Politicians on the defensive

To compensate, politicians and political parties have resorted to using the financial and health crises to score points and regain a measure of popularity. On the defensive and in survival mode, they are in search of scapegoats to draw attention away from themselves.

In mid-April, the government and its backers – principally the Free Patriotic Movement and Hezbollah – sought to put the blame on the central bank governor, Riad Salameh, evidently as part of an effort to oust him and replace him with a figure of their choice.

It was reported, however, that the United States and France had warned Lebanese officials, through their ambassadors in Beirut, that removing Salameh now was a bad idea. Still, he continues to be a target of the protestors, who blame him for having covered for the policies that brought Lebanon to where it is today.

International Monetary Fund headquarters in Washington, April 2019 (photo: Reuters/Y. Gripas)
Cap in hand to the IMF? Whether Lebanon can secure an immediate injection of dollar liquidity from the International Monetary Fund remains to be seen. The IMF requires "a transparent and measurable reform plan". Yet spending cuts in the public sector, ending the hijacking of state institutions and reform of the highly inefficient electricity sector would undermine the vested interests of many, who thus far would prefer the country to go to the wall than accept the pain of adjustment

Lost in this noise are the broader interests of a population that is seeing its country disintegrate. The mercenary behaviour of the political class was most evident in the government’s decision, in the midst of the coronavirus crisis, to enact a new system to help the most vulnerable rather than use an existing World Bank national poverty targeting programme it associated with previous governments. The new system needs time to set up, which Lebanon’s poor population doesn’t have and allows much room for nepotism and abuse.
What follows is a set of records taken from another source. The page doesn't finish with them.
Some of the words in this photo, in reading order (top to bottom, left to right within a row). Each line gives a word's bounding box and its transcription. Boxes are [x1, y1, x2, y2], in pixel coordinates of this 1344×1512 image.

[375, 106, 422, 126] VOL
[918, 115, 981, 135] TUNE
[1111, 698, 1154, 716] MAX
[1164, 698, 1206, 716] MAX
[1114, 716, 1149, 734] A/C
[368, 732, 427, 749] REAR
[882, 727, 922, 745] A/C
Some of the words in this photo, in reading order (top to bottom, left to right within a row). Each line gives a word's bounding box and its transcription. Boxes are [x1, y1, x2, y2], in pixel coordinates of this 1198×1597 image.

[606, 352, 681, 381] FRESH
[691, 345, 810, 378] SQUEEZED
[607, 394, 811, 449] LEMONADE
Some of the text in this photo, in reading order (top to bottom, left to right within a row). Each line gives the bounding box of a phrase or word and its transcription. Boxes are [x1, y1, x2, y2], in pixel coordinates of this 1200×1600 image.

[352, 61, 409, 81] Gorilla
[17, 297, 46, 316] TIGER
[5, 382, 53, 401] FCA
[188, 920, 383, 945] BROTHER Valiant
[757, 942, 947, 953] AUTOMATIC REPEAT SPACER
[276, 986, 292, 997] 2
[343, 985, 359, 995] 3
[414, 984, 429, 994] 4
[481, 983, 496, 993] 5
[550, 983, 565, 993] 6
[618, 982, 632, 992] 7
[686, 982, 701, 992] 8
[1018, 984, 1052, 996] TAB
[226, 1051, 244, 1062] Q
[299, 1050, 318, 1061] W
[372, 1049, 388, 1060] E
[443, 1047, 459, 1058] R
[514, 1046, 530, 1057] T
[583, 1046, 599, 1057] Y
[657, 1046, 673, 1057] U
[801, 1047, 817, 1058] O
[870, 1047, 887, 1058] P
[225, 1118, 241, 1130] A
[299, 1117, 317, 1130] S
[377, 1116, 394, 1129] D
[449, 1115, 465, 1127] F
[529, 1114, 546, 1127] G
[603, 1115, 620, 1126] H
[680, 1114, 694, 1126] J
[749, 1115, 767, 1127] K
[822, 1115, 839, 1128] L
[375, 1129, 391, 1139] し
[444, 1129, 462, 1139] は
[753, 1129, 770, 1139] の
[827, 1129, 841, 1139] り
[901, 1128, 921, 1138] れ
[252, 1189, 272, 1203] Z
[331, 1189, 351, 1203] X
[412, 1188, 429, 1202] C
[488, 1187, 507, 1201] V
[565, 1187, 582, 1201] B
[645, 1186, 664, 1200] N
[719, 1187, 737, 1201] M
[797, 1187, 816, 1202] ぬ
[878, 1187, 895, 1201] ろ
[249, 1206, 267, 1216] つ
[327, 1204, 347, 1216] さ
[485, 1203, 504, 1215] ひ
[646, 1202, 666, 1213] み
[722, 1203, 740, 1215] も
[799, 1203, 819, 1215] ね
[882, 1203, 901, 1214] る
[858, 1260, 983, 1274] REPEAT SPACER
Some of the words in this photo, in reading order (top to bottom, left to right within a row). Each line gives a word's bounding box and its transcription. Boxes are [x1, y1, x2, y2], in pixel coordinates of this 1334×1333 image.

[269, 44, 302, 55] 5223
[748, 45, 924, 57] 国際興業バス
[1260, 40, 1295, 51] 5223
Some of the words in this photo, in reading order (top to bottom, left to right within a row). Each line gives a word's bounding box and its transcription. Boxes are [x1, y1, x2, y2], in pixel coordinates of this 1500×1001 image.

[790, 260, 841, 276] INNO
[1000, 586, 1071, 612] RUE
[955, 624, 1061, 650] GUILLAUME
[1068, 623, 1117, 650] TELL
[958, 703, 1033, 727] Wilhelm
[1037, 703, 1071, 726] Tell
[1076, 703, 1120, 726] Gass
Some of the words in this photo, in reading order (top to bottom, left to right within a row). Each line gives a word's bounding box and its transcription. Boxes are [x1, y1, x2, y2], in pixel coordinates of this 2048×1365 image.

Lebanese fear for their livelihoods

Meanwhile, political parties are adopting local measures to address the needs of their constituents, furthering the prospects of fragmentation and possibly even conflict. All politicians or parties have announced plans for combatting the spread of the coronavirus, including the establishment of quarantine areas, the deployment of medical staff and sanitisation crews and food assistance to the needy.

Each party, in co-ordination with municipalities within their zones of influence, have established isolation centres for COVID-19 patients who do not have the means to self-isolate at home. Hezbollah has deployed the most extensive efforts, including establishing nineteen isolation centres and has even conducted tours for international and local media to showcase their efforts.

Yet these measures will not be enough. Despite the coronavirus, the Lebanese have been back on the streets in recent days protesting the catastrophic decline in their livelihoods. People are going hungry and some protests are turning violent as protestors attack banks, now a potent object of their anger.

 
This behaviour implicitly assumes that the public has no expectation that the politicians will address the root causes of the country’s financial crisis. What Lebanon is facing today is likely to last for years and the chances of recovery are thin.

The security repercussions of social unrest will be significant and are difficult to assess. Lebanon’s trajectory is one of expanding hardship and a probable exodus of all those capable of finding work abroad.

Compromise and reform the only answer

As more and more businesses declare bankruptcy, a larger number of Lebanese will find themselves on the streets, especially youths who today see no prospects of employment or of building a life in their country.

And as the resources of the political actors dwindle, the power vacuum on the ground may leave room for those hoping to gain from instability. For Lebanon to avoid implosion, its politicians and parties must recognise that to preserve themselves they will need to preserve the country.

That will mean accepting a necessary level of reform. While this may be a tall order, it is a required first step to preventing a drift toward conflict. The politicians will also need to allow a government of independents to take office, one tasked with negotiating a financial and economic rescue plan for Lebanon and overseeing early elections.

While the former is critical for social stability, the latter is crucial for regaining legitimacy and renewing political life. Without this, Lebanon will continue its slide into chaos and possibly worse.